On marchande, maintenant ? C'est quoi, ce délire ! Malgré tout, je suis quand même curieuse de connaitre l'identité de l'idiot, ou de l'idiote qui a libéré un engin pareil dans la nature. Je ne sais pas pourquoi, mais j'ai l'impression qu'un nouveau jeu, plus mental cette fois, s'est lancé entre nous.

Je hoche la tête pour lui signifier que je suis en accord avec les termes de son marché. Daniel m'apprend alors, à ma grande surprise, que ce connard de Matt s'est ravisé et a retiré sa plainte, aussi simplement que ça, ce qui a entrainé sa relaxation et l'abandon de tous les chefs d'accusation contre lui. Connaissant ce con, j'ai du mal à croire qu'il ait pu changer d'avis comme ça, du jour au lendemain. Il n'est pas le genre de gars à avoir des remords. June en est la preuve vivante !

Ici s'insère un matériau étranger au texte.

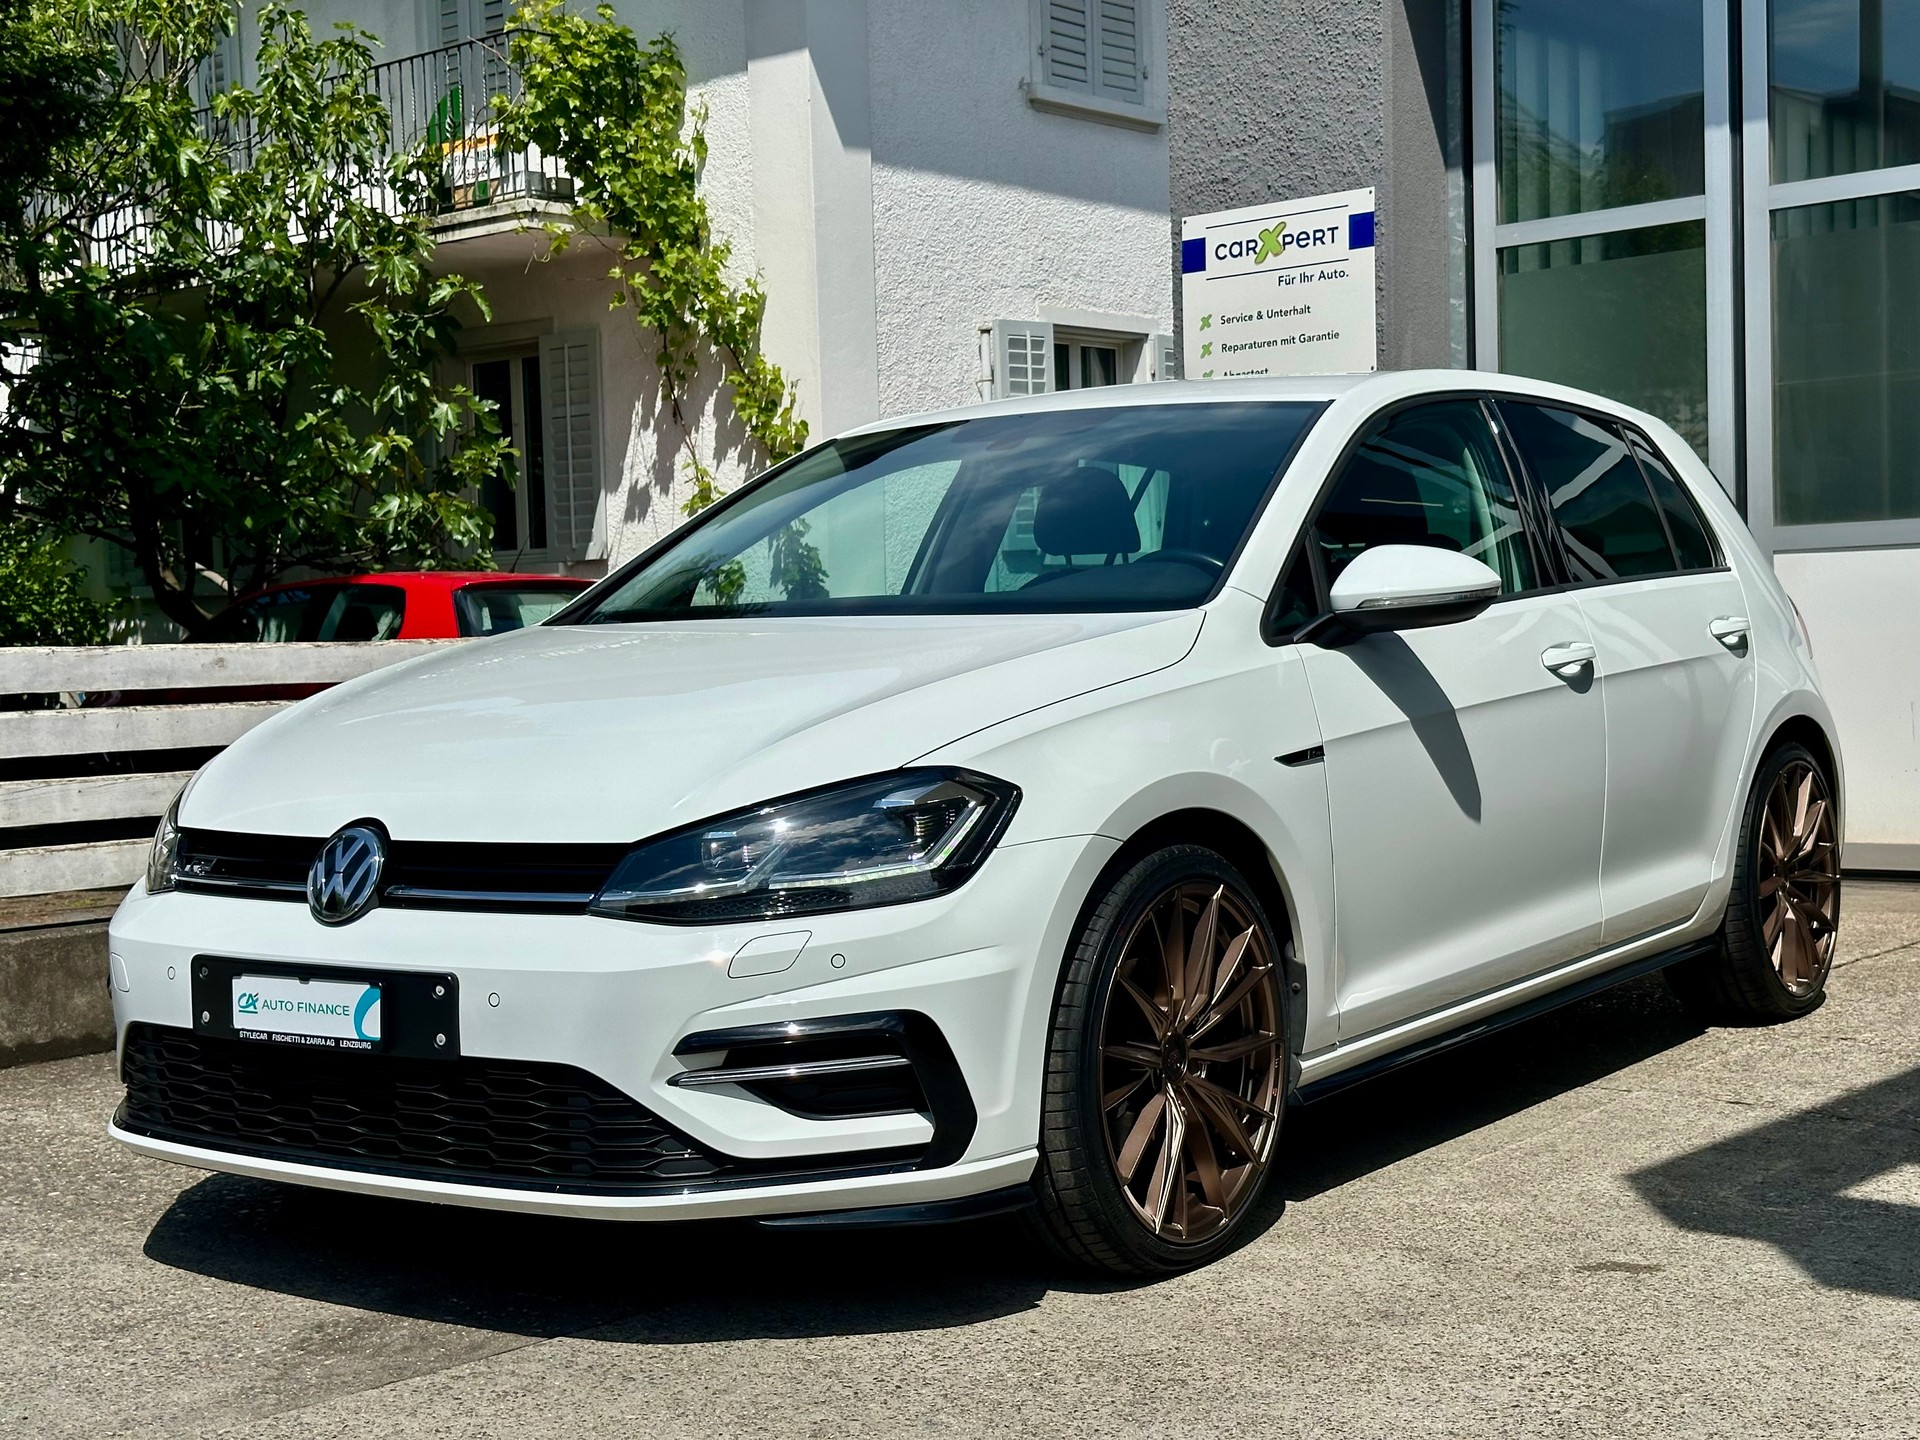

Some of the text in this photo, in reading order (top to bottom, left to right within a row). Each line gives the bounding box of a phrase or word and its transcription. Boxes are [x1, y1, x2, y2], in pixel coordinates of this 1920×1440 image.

[1278, 268, 1349, 286] Für Ihr Auto.
[1220, 304, 1311, 325] Service & Unterhalt
[1221, 330, 1340, 354] Reparaturen mit Garantie
[261, 999, 294, 1012] AUTO
[297, 1001, 350, 1017] FINANCE
[239, 1030, 268, 1041] STYLECAR
[272, 1033, 301, 1044] FISCHETTI
[306, 1036, 326, 1046] ZARRA
[339, 1040, 372, 1050] LENZBURG

- Comme quoi, chaque personne, même la plus méprisable, est capable de bonnes actions, conclut-il timidement avec un petit sourire, la tête à demi-baissée, m'offrant une série de regards en coin, comme s'il appréhendait ma réaction.

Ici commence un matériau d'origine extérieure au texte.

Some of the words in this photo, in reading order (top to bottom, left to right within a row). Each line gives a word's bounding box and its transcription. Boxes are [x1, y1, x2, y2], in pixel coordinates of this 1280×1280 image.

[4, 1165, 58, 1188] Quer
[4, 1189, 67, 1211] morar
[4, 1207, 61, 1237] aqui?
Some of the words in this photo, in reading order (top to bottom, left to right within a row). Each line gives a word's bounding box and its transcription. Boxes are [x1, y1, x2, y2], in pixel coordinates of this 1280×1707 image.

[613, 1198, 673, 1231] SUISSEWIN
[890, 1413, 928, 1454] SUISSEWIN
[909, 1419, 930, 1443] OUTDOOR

S'inclut-il dans le lot des gens haïssables ? Sous-entend-t-il qu'il est digne de pardon ? La petite voix douce qu'il a emprunté pour déclamer ses propos me le laisse penser. Pourtant, il donne tellement l'impression qu'il a une haute estime de lui-même... excepté le soir où je suis allée le voir au poste, avant qu'il ne pète un plomb.

Un ange passe. Constatant que je ne relève pas sa remarque, le rebelle se redresse et adopte une position en tailleur.

- A mon tour, maintenant, annonce-t-il, faisant allusion à la question à laquelle j'ai accepté de répondre. J'ai conscience que je t'ai froissée, vexée même... bon, d'accord, j'ai déclenché la troisième guerre mondiale en t'insultant. Je sais que j'ai dépassé les bornes et, encore une fois, je tiens à te présenter mes plus plates excuses. Je sais qu'il faudra plus que des mots pour que tu me pardonnes. Alors, ma question est : que faut-il que je fasse pour obtenir l'absolution ? Parce que je sais qu'au fond de toi, tu trouveras la force d'oublier ce petit incident...

Je ne peux m'empêcher de rire en entendant sa requête. Je secoue et détourne légèrement la tête, que je pose contre la paroi de la baignoire.

- Pourquoi tiens-tu absolument à ce que je te pardonne ? je le questionne, sans lui jeter un regard, me contentant de fixer un point invisible en face de moi. Et qu'est-ce qui te fait croire que j'ai envie de t'accorder ma grâce présidentielle ?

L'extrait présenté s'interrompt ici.